A capa mostra o mascote Eddie no Inferno, onde em sua mão esquerda ele segura uma bola de fogo, enquanto controla o próprio Diabo com a direita, que, por sua, vez controla uma marionete de um ser humano, num cenário caótico, repleto de labaredas, demônios voando e almas agonizando no fogo, com o nome do disco escrito em sangue.
O album abre com INVADERS, uma música rápida e frenética, que conta sobre invasões vikings na Inglaterra durante a idade média.
CHILDREN OF THE DAMNED é baseada no filme de mesmo nome, lançado em 1964, e mostra crianças que possuem poderes telepáticos, onde estas não possuem parentes e não se sabe sua origem. A música inicia com um belo e sombrio dedilhado, seguido por um vocal bem operístico, que antecede um refrão simples (apenas o nome da música), mas repleto de poder em todos os aspectos musicais! Depois ela fica mais rápida e pesada, mostrando toda a potência vocal de Bruce e a técnica de solos da dupla Murray/ Smith.
THE PRISONER é inspirada em um seriado de mesmo nome, exibido em 1967. Com uma narração feita pelo ator da serie original (Patrick McGoohan), seguida de uma intro de bateria simples, porém genial! Não assisti a serie, porém pelo que pesquisei, trata-se de um prisioneiro em uma ilha tropical, se alguém souber mais detalhes, por favor comente! O refrão até hoje é um dos mais amados pelos fãs, que o cantam em coro emocionados sempre que ela é tocada ao vivo,
22 ACACIA AVENUE traz novamente a saga de Charlotte, a prostituta da rua Acácia, ja abordada na música Charlotte The Harlot do primeiro disco. A música tem variações rítmicas que trazem toda uma vibração especial ao ouvinte, mostrando o quão caótica é a vida de uma pessoa que leva uma vida na prostituição.
THE NUMBER OF THE BEAST traz a consagrada e amada narração feita por Barry Clayton (originalmente, era para ser feita por Vincent Price, porém este se recusou pois não gostava do estilo musical da banda). Um clássico absoluto! A música traz a agonia e desespero sentidos por Steve Harris em um pesadelo após assistir ao filme A Profecia 2, desespero este que se vê reproduzido pelo jeito rasgado de Bruce ao cantar, chegando ao clímax no famoso berro em fry até hoje invejado por muitos aspirantes a cantores. Um destaque para a bateria de Clive, que segue um padrão rítmico único, digno de uma máquina humana (como ele era).
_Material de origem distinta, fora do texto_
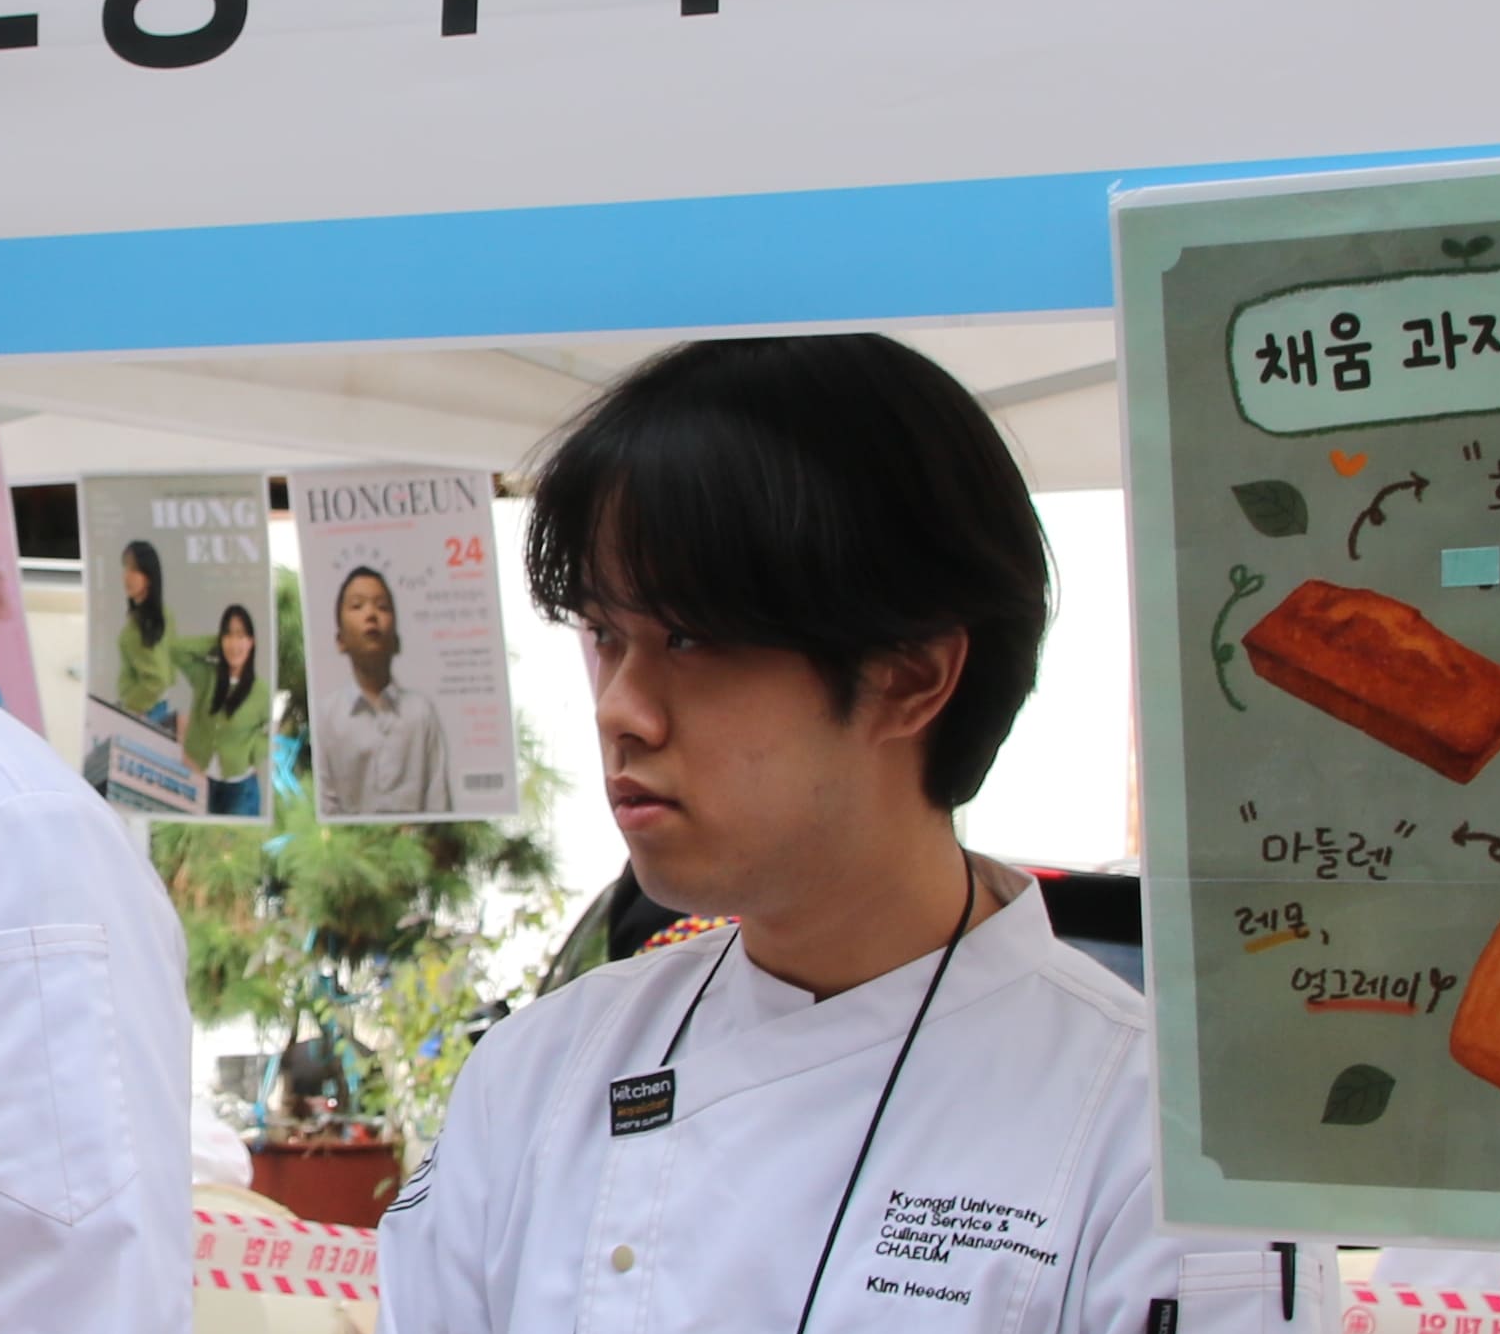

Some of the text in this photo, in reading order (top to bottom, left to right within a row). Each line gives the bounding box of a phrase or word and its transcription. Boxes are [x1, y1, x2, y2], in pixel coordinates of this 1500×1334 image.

[1255, 312, 1373, 391] 채움
[152, 496, 258, 529] HONG
[307, 476, 477, 524] HONGEUN
[186, 533, 260, 564] EUN
[445, 535, 486, 566] 24
[612, 1080, 672, 1102] kitchen
[884, 1208, 1009, 1232] Food Service &
[889, 1190, 1048, 1229] Kyonggi University
[875, 1241, 950, 1264] CHAEUM
[880, 1224, 1059, 1267] Culinary Management
[866, 1275, 972, 1306] Kim Heedong
RUN TO THE HILLS traz outro dos mais famosos riff da Donzela! A faixa conta sobre a colonização dos ingleses nos EUA, onde ouve um massacre em cima da população indígena que ali vivia. A letra é cantada em primeira pessoa sob a perspectiva de um índio, que conta com detalhes des do momento da chegada dos ingleses, até suas batalhas sangrentas. O solo de Dave e Adrian é um dos mais virtuosos do disco! A música traz um ritmo que remete a cavalgadas de um cavalo em um campo de batalha (que seria explorada novamente no disco seguinte, com The Trooper) e pode-se ver no instrumental todas as fases dessa luta, des do fim da paz no inicio da canção, até a mais caótica de suas lutas no clímax.
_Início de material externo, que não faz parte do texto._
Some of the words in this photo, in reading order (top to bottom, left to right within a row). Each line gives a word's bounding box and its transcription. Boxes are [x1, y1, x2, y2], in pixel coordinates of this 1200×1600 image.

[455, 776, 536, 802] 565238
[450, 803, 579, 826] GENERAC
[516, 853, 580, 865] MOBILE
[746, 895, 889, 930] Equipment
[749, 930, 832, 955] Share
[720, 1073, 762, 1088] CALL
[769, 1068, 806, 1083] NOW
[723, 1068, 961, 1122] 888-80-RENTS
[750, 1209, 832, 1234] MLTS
GANGLAND inicia com uma insana intro de bateria. É a música tida como mais "sem sal" do disco (por mais que eu goste muito), onde esta quase se tornou lado B do single Run To The Hills. A letra conta sobre sobre brigas territoriais entre gangues e assassinos.
TOTAL ECLIPSE traz uma letra mais filosófica e reflexiva, mostrando o mundo no dia do juízo final, podendo ser vista também como uma analogia ao forte conservadorismo da época. A música foi originalmente lançada como lado B de Run To The Hills no lugar de Gangland, mas foi incluída ao disco no seu relançamento em 1998.
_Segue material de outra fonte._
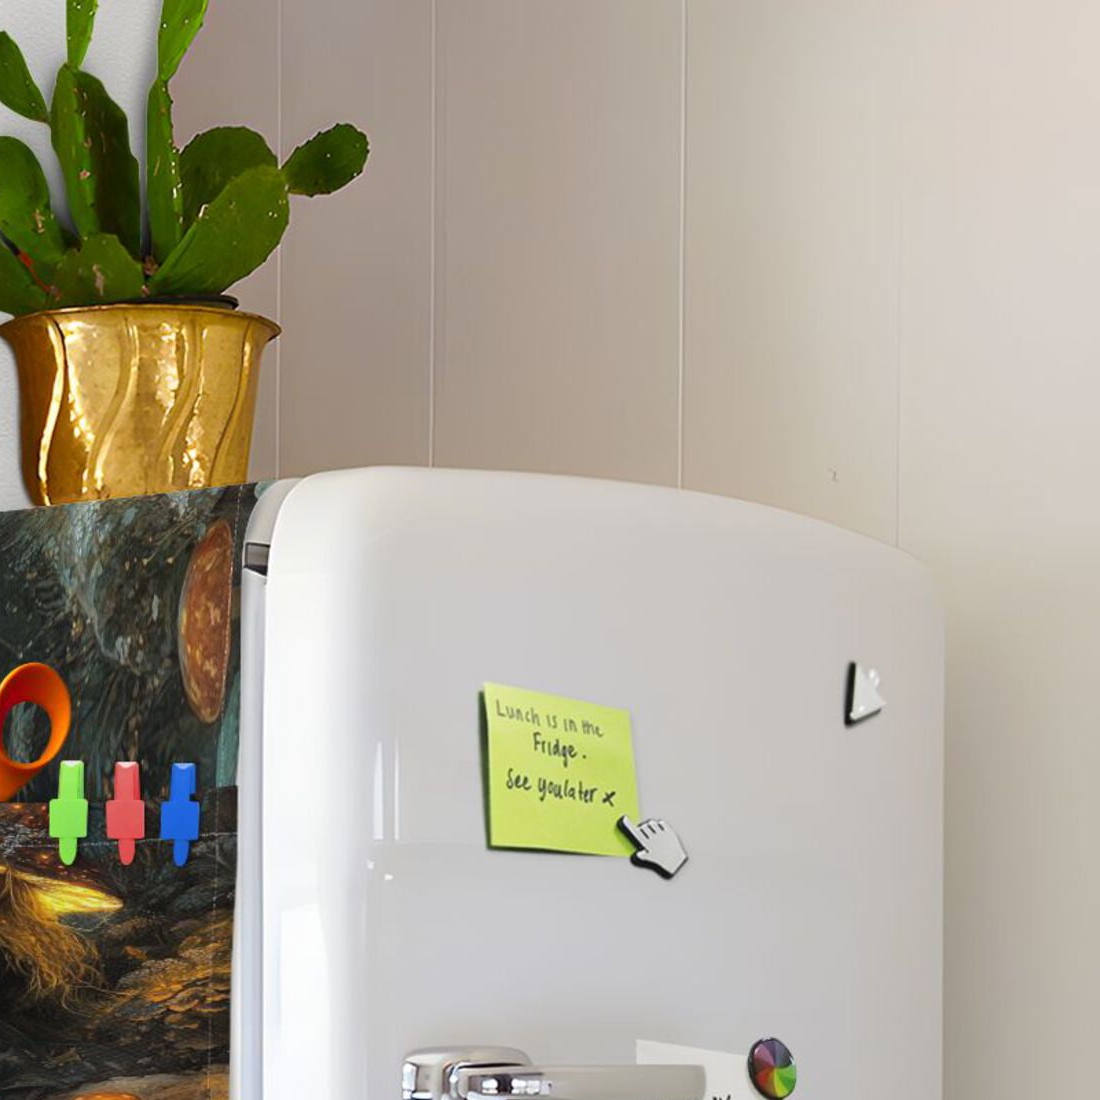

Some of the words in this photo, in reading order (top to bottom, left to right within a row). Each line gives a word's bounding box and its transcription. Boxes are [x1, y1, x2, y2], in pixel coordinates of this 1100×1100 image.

[495, 699, 540, 727] Lunch
[582, 718, 604, 738] the
[505, 767, 532, 790] See
HALLOWED BE THY NAME encerra o disco da melhor maneira possível! onde vemos um instrumental que caminha junto com o andamento da letra. Eu poderia dissertar sobre toda a história que essa música conta, mas isso só seria possível em outro post, pois é uma música que mostra os 5 estágios de aceitação da morte (negação, raiva, barganha, depressão e aceitação/conclusão).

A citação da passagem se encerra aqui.